▶ PROBLEM REQUIREMENTS
Return the full set of entries exactly. Omit none.

Dataset entries:
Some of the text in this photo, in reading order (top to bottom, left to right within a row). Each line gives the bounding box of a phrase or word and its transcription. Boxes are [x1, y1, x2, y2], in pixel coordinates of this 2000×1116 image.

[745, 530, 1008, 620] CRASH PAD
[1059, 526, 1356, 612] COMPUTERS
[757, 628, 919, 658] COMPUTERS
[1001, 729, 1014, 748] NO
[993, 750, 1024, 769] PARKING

▶ TASK OUTPUT
Some of the text in this photo, in reading order (top to bottom, left to right within a row). Each line gives the bounding box of a phrase or word and its transcription. Boxes are [x1, y1, x2, y2], in pixel coordinates of this 2000×1116 image.

[745, 530, 1008, 620] CRASH PAD
[1059, 526, 1356, 612] COMPUTERS
[757, 628, 919, 658] COMPUTERS
[1001, 729, 1014, 748] NO
[993, 750, 1024, 769] PARKING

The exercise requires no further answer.